Cosine similarity is a measure of geometric closeness in a vector space. It is not a measure of truth or relevance — those are properties of the space you projected your data into, and cosine just measures distances in that space. A few specific failure modes worth knowing:

  • Anisotropy. As described in the high-dimensional section: when a model’s output space is a narrow cone, every pair scores high and the metric stops being informative. Diagnosis: sample 1000 random vectors from your corpus, compute pairwise cosines, look at the distribution. If everything is between 0.6 and 0.95, you’ve got anisotropy. Fix: switch to a contrastively-trained encoder, or apply whitening.
  • Wrong space. If the model was trained on web text and you’re retrieving over legal contracts, it has learned to bring things close together that look like similar web text, which is not the same as similar legal claims. Cosine confidently returns the wrong neighbour. The fix is domain adaptation or a stronger general-purpose model — not anything to do with the metric.
  • Surface similarity. Two passages with the same boilerplate but opposite content can land close in cosine: “I love this product because…” and “I hate this product because…” share most of the sentence, and cosine doesn’t know that “love” vs “hate” is the load-bearing word. Cross-encoder rerankers (covered in the RAG article) are how production systems patch this.
  • No notion of authority or freshness. Cosine doesn’t care that the 2025 document supersedes the 2023 one, or that an official policy outranks a Slack mention. That kind of information has to be wired in as metadata filters or score boosts. The metric itself is timeless.

Wrap

Cosine similarity is dot product with the length signal removed. Removing the length signal is what makes it work as a measure of meaning — similarity shouldn’t depend on how long a passage is, how bright a patch is, or how many times a word appears.

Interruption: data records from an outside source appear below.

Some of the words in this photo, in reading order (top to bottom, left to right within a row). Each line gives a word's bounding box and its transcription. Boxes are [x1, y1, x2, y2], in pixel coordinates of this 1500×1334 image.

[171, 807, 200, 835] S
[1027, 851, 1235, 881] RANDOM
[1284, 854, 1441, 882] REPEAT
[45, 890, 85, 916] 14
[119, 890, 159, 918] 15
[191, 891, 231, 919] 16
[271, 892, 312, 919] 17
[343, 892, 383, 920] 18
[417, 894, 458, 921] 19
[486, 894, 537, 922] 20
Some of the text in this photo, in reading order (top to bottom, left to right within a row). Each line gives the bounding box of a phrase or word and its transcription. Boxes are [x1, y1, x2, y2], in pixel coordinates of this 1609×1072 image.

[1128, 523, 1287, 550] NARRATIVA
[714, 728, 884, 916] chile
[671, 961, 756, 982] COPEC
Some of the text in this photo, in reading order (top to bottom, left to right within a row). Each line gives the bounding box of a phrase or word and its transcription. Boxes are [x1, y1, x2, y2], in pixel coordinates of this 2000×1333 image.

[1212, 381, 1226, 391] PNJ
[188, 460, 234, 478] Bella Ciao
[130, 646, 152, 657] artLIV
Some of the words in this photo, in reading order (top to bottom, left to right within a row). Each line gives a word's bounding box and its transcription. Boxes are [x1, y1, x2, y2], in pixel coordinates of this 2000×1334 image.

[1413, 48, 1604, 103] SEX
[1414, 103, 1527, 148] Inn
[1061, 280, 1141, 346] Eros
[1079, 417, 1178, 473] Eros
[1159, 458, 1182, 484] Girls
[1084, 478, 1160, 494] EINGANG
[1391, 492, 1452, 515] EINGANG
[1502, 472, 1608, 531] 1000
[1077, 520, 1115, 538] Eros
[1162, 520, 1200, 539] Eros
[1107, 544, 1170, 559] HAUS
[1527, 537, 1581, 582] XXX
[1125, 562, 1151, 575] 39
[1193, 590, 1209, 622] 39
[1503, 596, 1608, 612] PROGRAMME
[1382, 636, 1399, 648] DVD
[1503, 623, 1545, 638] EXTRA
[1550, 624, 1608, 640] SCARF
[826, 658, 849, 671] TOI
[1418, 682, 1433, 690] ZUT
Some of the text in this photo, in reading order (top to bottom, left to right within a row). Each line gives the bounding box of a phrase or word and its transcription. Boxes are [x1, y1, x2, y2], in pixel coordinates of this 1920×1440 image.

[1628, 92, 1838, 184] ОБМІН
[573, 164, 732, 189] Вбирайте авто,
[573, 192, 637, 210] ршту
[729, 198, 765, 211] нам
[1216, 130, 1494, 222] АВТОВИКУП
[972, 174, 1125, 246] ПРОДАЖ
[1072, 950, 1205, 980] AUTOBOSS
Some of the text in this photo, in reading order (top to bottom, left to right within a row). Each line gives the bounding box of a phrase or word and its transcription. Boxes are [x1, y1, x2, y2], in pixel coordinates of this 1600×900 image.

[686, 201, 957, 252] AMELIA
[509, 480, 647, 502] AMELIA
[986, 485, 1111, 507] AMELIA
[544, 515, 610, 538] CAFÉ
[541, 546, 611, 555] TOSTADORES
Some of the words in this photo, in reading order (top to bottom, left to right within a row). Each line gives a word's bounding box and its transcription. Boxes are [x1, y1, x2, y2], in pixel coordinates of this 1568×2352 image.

That’s the whole article in one sentence. The reason cosine shows up in so many places — neurons, CNNs, word2vec, BERT, RAG, recommenders, LSH — is that the underlying primitive (dot product) is everywhere, and the geometric form abcosθ\|\mathbf{a}\|\|\mathbf{b}\|\cos\theta tells us exactly which factor to divide out when we want direction without magnitude. From there it’s all engineering: pre-normalise to make the matmul cheap, hash randomly to make the matmul approximate, train the encoder to make the angle meaningful.